Lì, in quella catapecchia, Remus aveva ritrovato la sua serenità perduta. Non importava quanto avessero da risanare, c’era tempo per il vuoto e per i rimpianti; nel frattempo avrebbero ricostruito quella vita che a entrambi era stata negata: un’esistenza con, se pur poca, gioia.












Le cose che perdiamo trovano sempre il modo di ritornare da noi”.


Harry Potter lo scrisse sul retro di una foto di Black e Lupin, sbucata da chissà dove, risalente al periodo di Grimmauld Place. Aveva visto quell’immagine e null’altro gli era venuto in mente se non quella frase, perché pareva proprio che avessero ritrovato… tutto.





















































[1] Mezzosangue, in questa accezione, è un insulto. Il modo che non lo fa essere una 'parolaccia' è “half-blood”, come il titolo del sesto libro della saga (“Harry Potter & The Half-blood Prince”). Ma usando “mug-blood” o “mud-blood” è un insulto.

[2] Personaggio totalmente inventato.

[3] Strofe di una canzone immaginaria, che magari potrebbero essere davvero presenti in una sdolcinata melodia, non lo so questo.

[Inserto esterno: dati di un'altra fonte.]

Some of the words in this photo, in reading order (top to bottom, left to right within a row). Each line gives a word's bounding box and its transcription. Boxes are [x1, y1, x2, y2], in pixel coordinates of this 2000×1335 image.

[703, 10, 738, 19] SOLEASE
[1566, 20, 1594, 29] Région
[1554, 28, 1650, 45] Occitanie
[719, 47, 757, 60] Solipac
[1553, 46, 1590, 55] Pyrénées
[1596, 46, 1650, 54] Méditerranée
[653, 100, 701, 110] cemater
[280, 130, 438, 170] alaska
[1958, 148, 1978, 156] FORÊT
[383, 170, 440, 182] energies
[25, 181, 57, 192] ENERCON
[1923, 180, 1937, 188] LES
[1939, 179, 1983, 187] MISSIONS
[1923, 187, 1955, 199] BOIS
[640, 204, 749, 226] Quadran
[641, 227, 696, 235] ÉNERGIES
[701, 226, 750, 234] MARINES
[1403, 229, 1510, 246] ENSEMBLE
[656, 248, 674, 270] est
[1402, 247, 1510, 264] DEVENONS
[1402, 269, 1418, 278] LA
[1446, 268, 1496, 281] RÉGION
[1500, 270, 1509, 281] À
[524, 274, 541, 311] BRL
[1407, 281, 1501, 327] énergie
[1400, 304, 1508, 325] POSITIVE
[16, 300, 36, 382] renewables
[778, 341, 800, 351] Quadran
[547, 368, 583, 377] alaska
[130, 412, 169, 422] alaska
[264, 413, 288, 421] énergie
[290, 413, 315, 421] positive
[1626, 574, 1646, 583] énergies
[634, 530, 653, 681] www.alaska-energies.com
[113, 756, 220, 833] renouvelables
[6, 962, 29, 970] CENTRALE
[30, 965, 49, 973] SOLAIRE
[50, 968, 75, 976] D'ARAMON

Angolo dell’autrice: Piccola depressione estiva, di quelle che spuntano all'improvviso e ti tormentano fin quando non le butti giù. Ed eccola qui, in tutta la sua tristezza e voglia di esplodere. Ho scelto dei particolari momenti, molti dei quali non sono affatto inseriti nella saga di Harry Potter, e ovviamente i personaggi appartengono interamente alla carissima J.K. Rowling. La citazione finale fa parte del quinto film della saga, ed è una frase che mi piace troppo. E che c'entra moltissimo con tutto il contesto di Harry Potter e di questa fan fiction e del mondo in generale. Ecco tutto. Spero che sia stata una fan fiction piacevole.